I think there are lots of good issues here. Financing for CFS at the CDC, however, is miniscule - I think it's down to about $3 million a year - they're not spending any real money on it. I imagine the program - given the unhappiness of the patients in the research community towards it - is not worth the little money they're getting for it. I imagine that they'd be happy if it just went away.
While $3 million/year is miniscule at the CDC's burn rate, compared to all HHS extramural grants in the field it is a windfall.
I really don't know the pros and cons of spiking samples with XMRV vs finding it in positive samples of human beings. The CDC did show they could find very low levels of the virus in samples but does it matter or how does it matter where the samples came from. That would be great to find out.

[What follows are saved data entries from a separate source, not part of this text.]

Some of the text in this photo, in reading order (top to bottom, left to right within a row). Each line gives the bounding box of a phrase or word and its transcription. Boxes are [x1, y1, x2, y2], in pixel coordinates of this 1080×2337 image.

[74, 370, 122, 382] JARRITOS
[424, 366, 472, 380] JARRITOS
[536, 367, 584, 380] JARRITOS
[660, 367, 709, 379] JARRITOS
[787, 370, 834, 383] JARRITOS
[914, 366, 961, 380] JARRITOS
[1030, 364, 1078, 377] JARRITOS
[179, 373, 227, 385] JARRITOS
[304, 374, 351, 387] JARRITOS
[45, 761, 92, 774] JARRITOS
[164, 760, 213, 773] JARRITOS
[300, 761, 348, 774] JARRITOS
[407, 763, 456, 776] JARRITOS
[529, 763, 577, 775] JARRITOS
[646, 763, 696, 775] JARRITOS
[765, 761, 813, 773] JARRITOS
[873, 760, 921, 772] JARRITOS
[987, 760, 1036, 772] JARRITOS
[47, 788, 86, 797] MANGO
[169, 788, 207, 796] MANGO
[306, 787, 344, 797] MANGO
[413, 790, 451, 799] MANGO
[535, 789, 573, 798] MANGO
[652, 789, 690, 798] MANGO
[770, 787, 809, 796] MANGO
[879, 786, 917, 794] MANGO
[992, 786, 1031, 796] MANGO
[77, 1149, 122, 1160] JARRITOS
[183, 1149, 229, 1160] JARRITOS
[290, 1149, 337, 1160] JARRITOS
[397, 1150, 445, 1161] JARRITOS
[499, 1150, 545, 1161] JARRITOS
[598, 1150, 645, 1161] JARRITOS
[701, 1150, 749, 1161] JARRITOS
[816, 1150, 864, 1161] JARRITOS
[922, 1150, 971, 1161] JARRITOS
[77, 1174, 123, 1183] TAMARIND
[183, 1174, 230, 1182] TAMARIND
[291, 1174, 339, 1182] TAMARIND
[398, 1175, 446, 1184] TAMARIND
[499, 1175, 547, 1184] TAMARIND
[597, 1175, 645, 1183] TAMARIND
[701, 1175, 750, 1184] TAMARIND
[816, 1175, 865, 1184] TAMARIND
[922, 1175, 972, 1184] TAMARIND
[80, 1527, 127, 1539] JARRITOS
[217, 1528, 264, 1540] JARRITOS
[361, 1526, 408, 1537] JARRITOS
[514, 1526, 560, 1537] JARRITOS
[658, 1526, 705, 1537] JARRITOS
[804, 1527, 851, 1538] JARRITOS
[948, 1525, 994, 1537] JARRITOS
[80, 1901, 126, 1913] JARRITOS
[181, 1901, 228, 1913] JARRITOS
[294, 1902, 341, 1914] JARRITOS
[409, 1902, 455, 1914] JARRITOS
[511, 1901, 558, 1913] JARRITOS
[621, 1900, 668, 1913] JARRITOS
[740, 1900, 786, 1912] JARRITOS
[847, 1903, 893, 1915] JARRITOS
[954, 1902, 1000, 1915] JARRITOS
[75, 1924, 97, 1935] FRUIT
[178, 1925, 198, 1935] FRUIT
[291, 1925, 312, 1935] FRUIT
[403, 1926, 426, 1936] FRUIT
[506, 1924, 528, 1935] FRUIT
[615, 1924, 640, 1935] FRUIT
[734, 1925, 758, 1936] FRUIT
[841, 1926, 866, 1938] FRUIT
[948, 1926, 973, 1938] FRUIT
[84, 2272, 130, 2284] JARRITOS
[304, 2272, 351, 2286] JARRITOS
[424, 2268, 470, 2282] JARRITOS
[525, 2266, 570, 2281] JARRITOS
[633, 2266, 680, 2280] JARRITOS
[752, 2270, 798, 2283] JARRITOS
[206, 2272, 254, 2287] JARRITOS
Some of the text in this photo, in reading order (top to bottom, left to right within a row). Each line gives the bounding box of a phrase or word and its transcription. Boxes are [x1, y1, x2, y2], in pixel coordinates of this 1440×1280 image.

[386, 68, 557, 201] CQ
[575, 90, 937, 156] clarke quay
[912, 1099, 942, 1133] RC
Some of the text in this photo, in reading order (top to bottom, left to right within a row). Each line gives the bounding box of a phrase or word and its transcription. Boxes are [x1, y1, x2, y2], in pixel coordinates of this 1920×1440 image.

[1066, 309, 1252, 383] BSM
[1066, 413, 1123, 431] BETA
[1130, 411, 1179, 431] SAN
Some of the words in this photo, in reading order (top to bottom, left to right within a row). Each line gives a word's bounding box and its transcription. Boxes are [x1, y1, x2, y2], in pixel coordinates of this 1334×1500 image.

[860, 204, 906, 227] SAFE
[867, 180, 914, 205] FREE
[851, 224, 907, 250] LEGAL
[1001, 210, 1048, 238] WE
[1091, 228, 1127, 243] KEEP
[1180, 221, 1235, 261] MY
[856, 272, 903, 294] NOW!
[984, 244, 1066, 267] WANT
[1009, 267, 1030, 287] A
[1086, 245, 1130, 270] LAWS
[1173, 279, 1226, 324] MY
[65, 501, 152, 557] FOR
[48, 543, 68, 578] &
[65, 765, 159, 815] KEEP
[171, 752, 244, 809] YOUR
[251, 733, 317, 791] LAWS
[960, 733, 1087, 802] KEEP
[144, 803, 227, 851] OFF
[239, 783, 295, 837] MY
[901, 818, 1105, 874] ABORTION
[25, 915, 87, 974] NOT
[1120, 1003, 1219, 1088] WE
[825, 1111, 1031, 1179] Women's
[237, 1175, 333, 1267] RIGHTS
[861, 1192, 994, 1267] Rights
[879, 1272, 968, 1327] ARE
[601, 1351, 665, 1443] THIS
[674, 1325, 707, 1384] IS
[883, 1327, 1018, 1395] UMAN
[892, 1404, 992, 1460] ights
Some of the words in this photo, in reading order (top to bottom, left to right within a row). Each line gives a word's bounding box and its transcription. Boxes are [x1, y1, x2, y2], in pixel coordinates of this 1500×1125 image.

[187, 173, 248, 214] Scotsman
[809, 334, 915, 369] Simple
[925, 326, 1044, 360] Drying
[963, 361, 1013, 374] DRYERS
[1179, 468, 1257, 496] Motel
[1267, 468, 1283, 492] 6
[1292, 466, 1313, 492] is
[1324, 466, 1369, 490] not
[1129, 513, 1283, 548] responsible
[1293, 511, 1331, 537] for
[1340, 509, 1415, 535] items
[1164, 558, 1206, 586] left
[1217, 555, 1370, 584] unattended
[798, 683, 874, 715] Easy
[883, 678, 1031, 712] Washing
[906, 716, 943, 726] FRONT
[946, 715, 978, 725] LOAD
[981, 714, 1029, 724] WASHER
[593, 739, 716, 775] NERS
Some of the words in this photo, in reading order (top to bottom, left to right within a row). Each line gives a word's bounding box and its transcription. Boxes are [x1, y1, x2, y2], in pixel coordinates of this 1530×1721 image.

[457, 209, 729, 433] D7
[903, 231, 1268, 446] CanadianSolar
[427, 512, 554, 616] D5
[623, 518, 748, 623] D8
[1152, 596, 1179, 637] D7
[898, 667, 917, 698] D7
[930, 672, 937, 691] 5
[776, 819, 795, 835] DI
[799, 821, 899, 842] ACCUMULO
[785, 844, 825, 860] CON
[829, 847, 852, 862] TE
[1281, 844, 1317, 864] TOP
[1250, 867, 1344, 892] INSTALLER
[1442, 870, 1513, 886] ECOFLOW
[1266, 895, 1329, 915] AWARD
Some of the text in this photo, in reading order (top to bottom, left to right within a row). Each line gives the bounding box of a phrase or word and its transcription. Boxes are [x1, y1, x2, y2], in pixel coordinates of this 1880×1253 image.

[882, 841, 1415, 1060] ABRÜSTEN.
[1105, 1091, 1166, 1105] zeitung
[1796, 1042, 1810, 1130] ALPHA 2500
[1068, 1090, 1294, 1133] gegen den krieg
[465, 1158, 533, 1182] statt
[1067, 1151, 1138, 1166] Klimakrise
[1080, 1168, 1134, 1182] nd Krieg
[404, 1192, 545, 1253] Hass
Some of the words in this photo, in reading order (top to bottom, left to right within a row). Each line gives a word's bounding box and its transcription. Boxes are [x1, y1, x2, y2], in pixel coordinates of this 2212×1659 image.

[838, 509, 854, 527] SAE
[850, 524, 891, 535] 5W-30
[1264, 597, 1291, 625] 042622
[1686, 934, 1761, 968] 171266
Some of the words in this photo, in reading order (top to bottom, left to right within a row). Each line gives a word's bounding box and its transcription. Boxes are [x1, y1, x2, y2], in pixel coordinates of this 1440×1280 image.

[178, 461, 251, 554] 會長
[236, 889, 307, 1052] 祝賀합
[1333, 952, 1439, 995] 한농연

The problem is that DNA floating around loose may well be easier to detect than DNA integrated into cells. The issue involves both sensitivity and selectivity. Being able to detect DNA in an artificial solution is very different from separating it from various components of whole blood. We don't really know their scorecard on those different components. Based on this publication we are generally at a loss to know what took place prior to PCR testing.
...So there was initial testing using positive samples but no testing after that.
What I have said before is that data developed during the validation process were not published in the copy I have. Do you have something I missed?
There is a logical inference concerning the "exclusionary conditions" which was left hanging: if a subset of patients with, e.g. MS, can bias results so that 67% of subjects appear to have the virus, there must be a phenomenal correlation between XMRV and that illness. Does anyone at CDC act like they think they've found the cause of MS? Do they act like they are looking?
Test validation is not merely a concern with CFS, there has been considerable disparity between XMRV results of different labs w.r.t. prostate cancer. This brings in an entirely new line of argument which has apparently escaped those who keep trying to reassure the dumb public that blood supplies are 100% safe. Even if none of us existed there would still be large numbers of people with prostate cancer who might contaminate the blood supply.
Most prostate cancers are slow growing. People often survive for years before the cancer is detected. In the early stages of illness, it is unlikely any discomfort would stop them from donating blood. About 200,000 new cases are discovered every year. Without biopsies, diagnosis is often uncertain. Common clinical tests have both false positives and false negatives. About 2,000,000 people who are known to have had prostate cancer are now alive in this country. Among oncologists the fatigue associated with the disease is notorious, even after tumors are removed. The possibility of concurrent infections has to be taken seriously.
This is relevant because XMRV was originally discovered in some patients with prostate cancer, and is commonly grown in the laboratory on cell lines cloned from prostate cancer. The same uncertainty in detecting XMRV is affecting studies of its incidence in all types of prostate cancer.
Under these circumstances it seems highly unlikely the incidence of XMRV in the general population is 0%, even if it plays no causative role in any disease. Studies reporting 0% may be useful for reassuring gullible people, but responsible public officials ought to know better.
Finally, I want to get back to a point raised before: the CDC are about the last group to be asking plaintively 'who is responsible for providing a panel of positive samples from infected human beings?' What government agency is responsible for monitoring and detecting infectious agents? Irrespective of CFS, what have they been doing in the years since XMRV was discovered? To some it looks like they have been derelict in their duty, and then, when someone else developed a panel and validated a methodology for detecting the virus, they devoted the bulk of their efforts to undermining those with the temerity to find anything infectious ahead of them. Thinking of the toast, "Confusion to our enemies!" it would appear they have classified a remarkable number of medical and scientific professionals as enemies. The general public must be counted in the same list.
The successors of this group at the CDC will now have an uphill battle in gaining cooperation of anyone knowledgeable about this virus. They have managed to take swipes at not just Judy Mikovits, Dan Peterson, and the usual suspects, but also the Ruscetti's, John Coffin, Harvey Alter, and even if indirectly, Robert Silverman. They have probably alienated researchers I haven't mentioned.
The issues have become much bigger than our pitiful CFS/ME community.